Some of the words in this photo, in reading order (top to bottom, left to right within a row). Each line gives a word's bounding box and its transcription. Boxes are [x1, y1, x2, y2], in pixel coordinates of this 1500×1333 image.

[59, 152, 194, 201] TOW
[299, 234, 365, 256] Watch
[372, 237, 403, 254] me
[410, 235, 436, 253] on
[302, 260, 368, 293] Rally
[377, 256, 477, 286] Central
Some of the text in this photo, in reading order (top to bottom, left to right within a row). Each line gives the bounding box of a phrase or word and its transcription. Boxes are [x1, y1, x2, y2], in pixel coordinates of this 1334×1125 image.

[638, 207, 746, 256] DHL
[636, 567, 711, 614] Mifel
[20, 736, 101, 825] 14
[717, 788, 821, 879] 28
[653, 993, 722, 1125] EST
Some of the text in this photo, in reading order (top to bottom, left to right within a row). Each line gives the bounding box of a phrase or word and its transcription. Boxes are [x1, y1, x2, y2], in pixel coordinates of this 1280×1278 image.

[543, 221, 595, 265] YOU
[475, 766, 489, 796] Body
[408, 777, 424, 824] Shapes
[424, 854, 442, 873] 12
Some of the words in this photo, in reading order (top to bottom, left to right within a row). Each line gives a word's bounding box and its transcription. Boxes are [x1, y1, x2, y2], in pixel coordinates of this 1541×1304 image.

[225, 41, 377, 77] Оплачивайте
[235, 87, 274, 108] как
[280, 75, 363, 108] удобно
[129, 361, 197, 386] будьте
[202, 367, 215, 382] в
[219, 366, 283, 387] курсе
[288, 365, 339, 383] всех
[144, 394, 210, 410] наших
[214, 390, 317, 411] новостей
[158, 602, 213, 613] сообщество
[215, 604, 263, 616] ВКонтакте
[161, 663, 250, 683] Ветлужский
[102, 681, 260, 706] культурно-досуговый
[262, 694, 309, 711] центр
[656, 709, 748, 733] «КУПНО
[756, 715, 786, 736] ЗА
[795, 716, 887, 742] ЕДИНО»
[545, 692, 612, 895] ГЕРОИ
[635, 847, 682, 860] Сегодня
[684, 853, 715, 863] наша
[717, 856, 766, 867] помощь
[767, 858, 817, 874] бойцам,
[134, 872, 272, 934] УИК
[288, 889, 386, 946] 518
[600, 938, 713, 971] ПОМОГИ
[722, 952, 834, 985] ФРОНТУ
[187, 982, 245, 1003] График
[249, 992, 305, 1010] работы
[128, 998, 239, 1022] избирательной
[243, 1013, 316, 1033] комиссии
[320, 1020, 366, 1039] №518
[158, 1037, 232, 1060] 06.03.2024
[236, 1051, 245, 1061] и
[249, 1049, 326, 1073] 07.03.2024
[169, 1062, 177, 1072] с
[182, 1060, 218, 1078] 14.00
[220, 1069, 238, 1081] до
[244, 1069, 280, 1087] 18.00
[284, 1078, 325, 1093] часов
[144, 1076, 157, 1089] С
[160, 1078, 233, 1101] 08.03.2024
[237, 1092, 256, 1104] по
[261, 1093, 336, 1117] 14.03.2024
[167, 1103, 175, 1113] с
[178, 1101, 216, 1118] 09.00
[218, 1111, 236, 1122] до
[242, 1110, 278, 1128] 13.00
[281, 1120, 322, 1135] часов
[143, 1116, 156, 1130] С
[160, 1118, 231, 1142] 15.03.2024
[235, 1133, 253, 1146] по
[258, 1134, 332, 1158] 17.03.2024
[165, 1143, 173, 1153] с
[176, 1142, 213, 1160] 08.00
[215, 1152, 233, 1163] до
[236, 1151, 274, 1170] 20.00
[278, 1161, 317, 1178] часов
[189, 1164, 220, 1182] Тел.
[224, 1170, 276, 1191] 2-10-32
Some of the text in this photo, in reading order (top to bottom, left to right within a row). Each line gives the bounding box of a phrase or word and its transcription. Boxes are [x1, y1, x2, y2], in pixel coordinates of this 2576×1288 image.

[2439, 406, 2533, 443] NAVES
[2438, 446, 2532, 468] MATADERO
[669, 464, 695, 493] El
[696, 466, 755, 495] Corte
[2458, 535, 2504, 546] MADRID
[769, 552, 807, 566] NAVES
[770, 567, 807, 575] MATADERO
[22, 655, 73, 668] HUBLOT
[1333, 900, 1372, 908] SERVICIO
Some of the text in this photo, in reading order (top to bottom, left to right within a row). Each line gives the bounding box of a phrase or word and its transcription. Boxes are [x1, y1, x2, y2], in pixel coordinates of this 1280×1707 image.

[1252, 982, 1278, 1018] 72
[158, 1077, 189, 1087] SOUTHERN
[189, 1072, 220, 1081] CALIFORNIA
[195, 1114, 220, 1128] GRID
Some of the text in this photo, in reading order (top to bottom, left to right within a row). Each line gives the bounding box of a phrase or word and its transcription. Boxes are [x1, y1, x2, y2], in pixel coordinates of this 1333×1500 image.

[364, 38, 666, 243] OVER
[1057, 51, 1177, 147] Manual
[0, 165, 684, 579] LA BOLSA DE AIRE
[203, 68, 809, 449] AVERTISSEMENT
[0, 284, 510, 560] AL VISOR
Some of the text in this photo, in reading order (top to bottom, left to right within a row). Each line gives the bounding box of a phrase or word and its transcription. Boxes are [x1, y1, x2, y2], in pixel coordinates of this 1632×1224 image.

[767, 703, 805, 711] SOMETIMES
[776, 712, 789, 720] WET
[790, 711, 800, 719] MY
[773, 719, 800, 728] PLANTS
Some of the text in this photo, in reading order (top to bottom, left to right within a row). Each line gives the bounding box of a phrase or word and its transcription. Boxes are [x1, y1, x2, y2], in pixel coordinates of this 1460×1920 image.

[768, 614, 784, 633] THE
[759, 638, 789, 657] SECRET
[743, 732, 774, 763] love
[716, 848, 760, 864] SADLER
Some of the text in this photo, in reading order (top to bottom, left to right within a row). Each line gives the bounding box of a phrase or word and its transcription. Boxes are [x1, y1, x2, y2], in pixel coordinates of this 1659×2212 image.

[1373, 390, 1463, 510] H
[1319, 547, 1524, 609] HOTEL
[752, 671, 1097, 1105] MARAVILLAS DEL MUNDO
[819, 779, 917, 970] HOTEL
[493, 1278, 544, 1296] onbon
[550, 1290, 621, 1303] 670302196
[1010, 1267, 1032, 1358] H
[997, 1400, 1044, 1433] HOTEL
☆ ☆ ☆ ☆
### TASK TO COMPLETE
Repeat, without changes, every line from the one that contains "this 1460×1920 image." through the final line of the data.

### WRITTEN ANSWER
Some of the text in this photo, in reading order (top to bottom, left to right within a row). Each line gives the bounding box of a phrase or word and its transcription. Boxes are [x1, y1, x2, y2], in pixel coordinates of this 1460×1920 image.

[768, 614, 784, 633] THE
[759, 638, 789, 657] SECRET
[743, 732, 774, 763] love
[716, 848, 760, 864] SADLER
Some of the text in this photo, in reading order (top to bottom, left to right within a row). Each line gives the bounding box of a phrase or word and its transcription. Boxes are [x1, y1, x2, y2], in pixel coordinates of this 1659×2212 image.

[1373, 390, 1463, 510] H
[1319, 547, 1524, 609] HOTEL
[752, 671, 1097, 1105] MARAVILLAS DEL MUNDO
[819, 779, 917, 970] HOTEL
[493, 1278, 544, 1296] onbon
[550, 1290, 621, 1303] 670302196
[1010, 1267, 1032, 1358] H
[997, 1400, 1044, 1433] HOTEL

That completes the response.